Fiber-rich foods like whole grain oats, beans, and fruits like oranges and apples help too. How? Because you can’t digest soluble fiber, but your beneficial gut bacteria can. Not only does having a strong battalion of gut defenders help keep you protected from viruses and bacterial infections, but soluble fiber also helps absorb bile acids (made from cholesterol) and liquid, adding comfortable bulk to your stool so you’re less likely to suffer from constipation or diarrhea.

Just 1 month of eating fiber regularly could contribute to a 10% reduction in LDL and total cholesterol levels.

Herbs, Spices, and Supplements

The American Heart Association has a recipe page for heart-healthy and cholesterol-lowering meals. In those recipes you’ll find ingredients like garlic, ginger, and turmeric: natural spices that can help boost your health. VeggieShake has a long list of smoothie recipes, many of which are designed for weight loss and heart health.

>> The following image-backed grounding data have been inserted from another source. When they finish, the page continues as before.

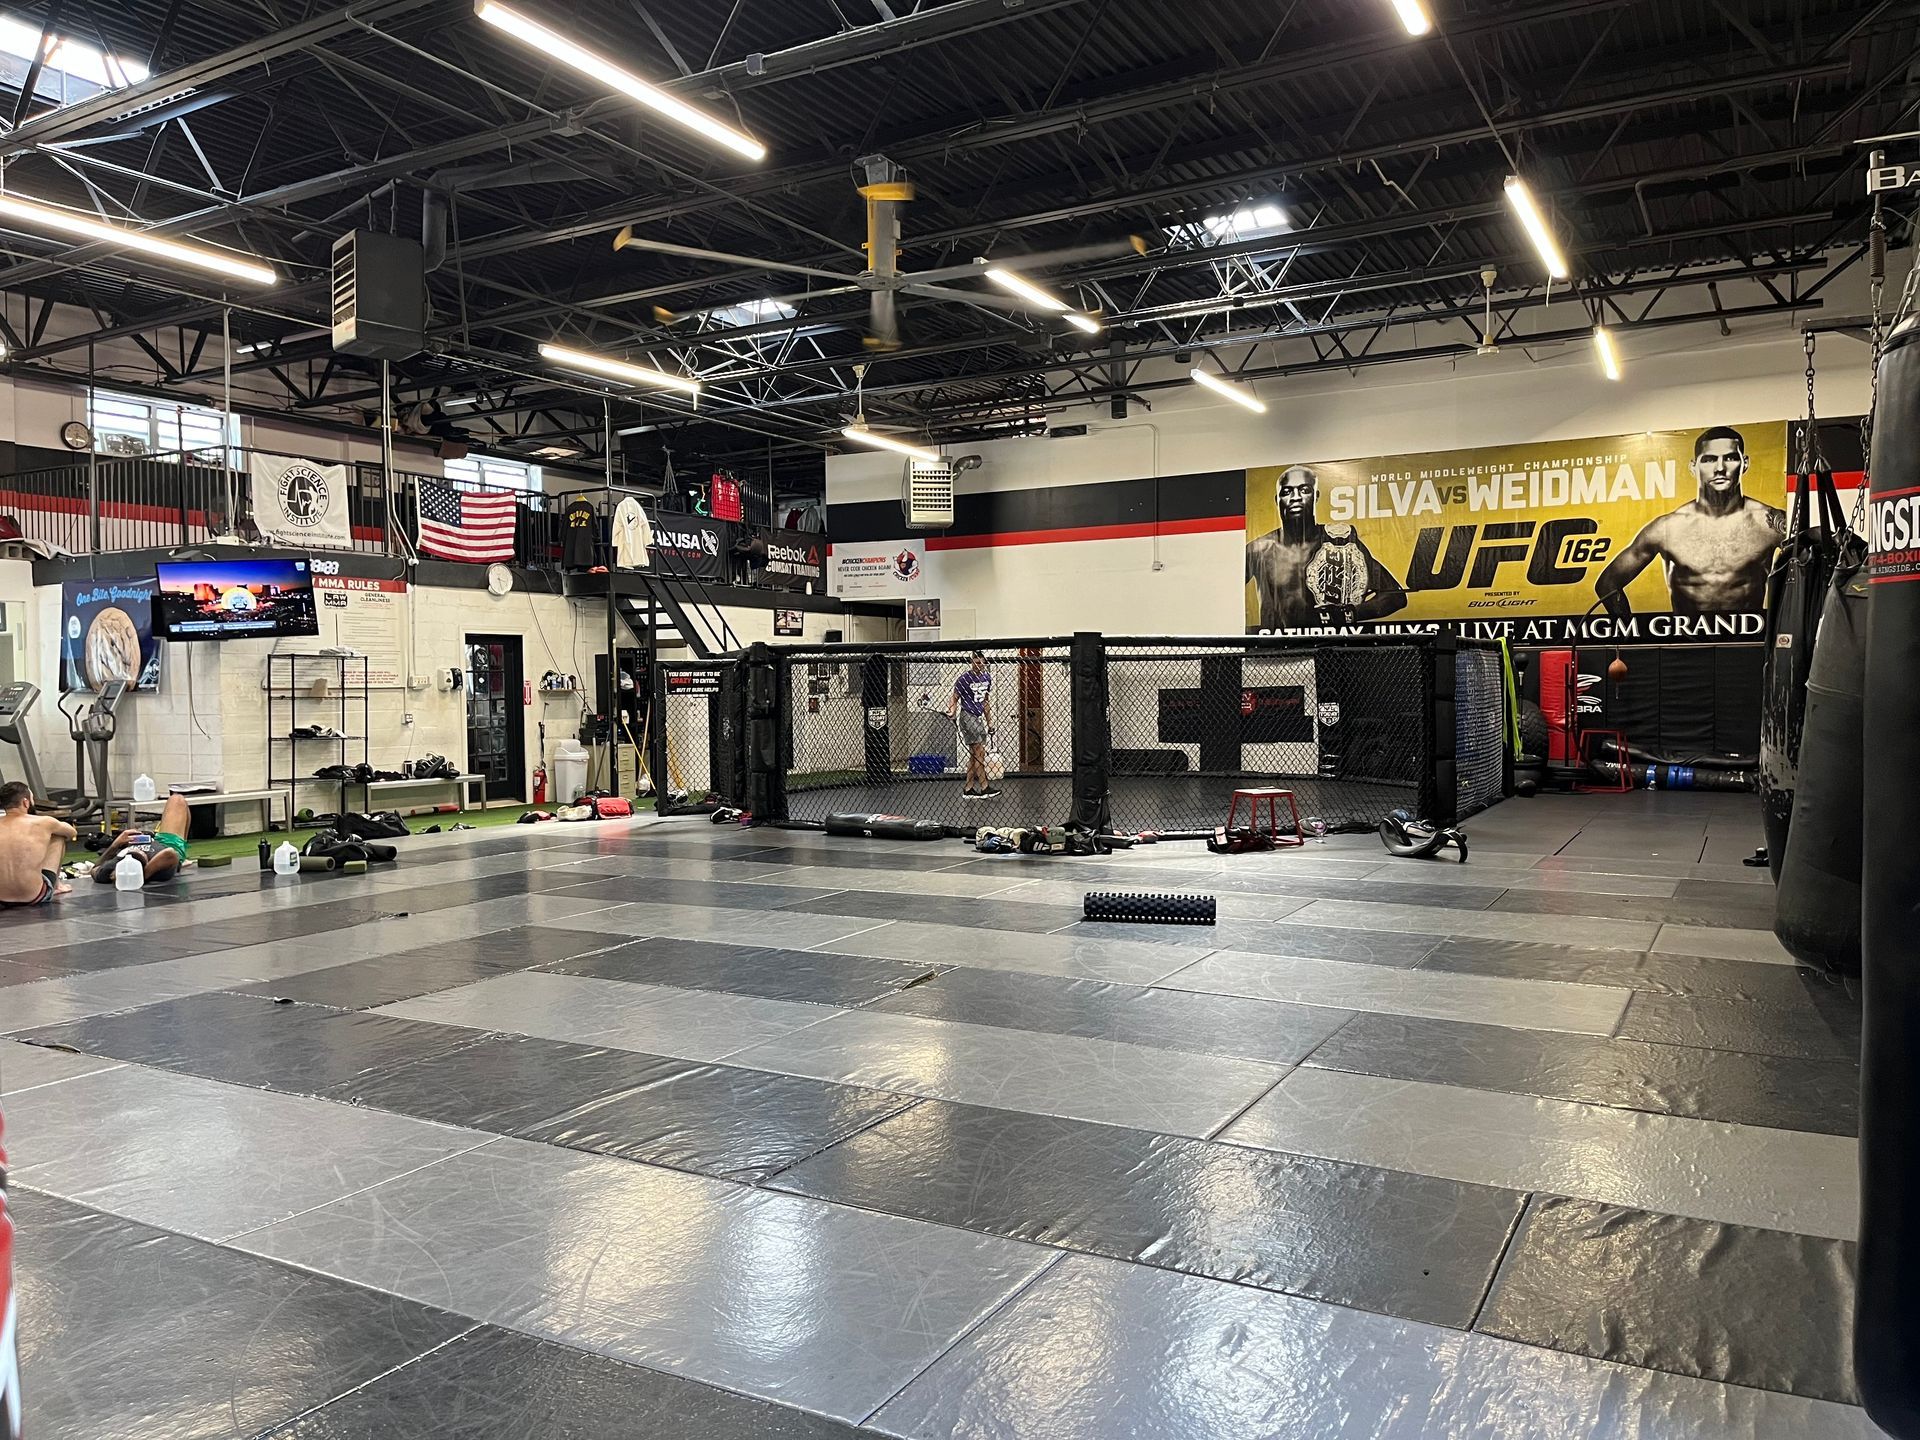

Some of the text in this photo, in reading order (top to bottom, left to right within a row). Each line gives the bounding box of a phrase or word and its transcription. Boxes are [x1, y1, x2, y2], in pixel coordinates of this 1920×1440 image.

[1371, 454, 1627, 483] WORLD MIDDLEWEIGHT CHAMPIONSHIP
[280, 468, 327, 501] FIGHT SCIENCE
[1330, 479, 1442, 521] SILVA
[1468, 460, 1676, 512] WEIDMAN
[284, 506, 323, 526] INSTITUTE
[652, 530, 701, 550] ABUSA
[768, 544, 806, 564] Reebok
[1406, 518, 1612, 590] UFC 162
[766, 561, 820, 578] COMBAT TRAINING
[318, 577, 345, 589] MMA
[348, 579, 380, 591] RULES
[76, 592, 91, 607] One
[110, 586, 152, 603] Goodnight
[1468, 599, 1538, 608] BUD LIGHT
[1457, 620, 1515, 640] LIVE
[1522, 619, 1557, 640] AT
[1563, 617, 1640, 640] MGM
[1649, 613, 1765, 636] GRAND
[1577, 705, 1602, 713] BRA

The antioxidants in these herbs and spices can help naturally dilate your blood vessels and improve your circulation, and there are numerous natural supplements (like psyllium husk and niacin, aka vitamin B3, found in certain mushrooms) that can also help, perhaps even to the point that you don’t need pharmaceutical medications to treat your hyperlipidemia, or the side effects they often come with.

Be Heart Smart

Heart-healthy foods include natural whole foods, herbs and spices, and beverages like green tea and moon milk. A heart-smart diet combined with even a light amount of exercise can help you lose weight, improve your blood lipid levels of triglycerides, and lower cholesterol naturally. A condition like hyperlipidemia, if discovered early enough, is a warning that can be heeded—ask your doctor for advice on eating a cholesterol-lowering diet, and it may well improve your life in a multitude of ways.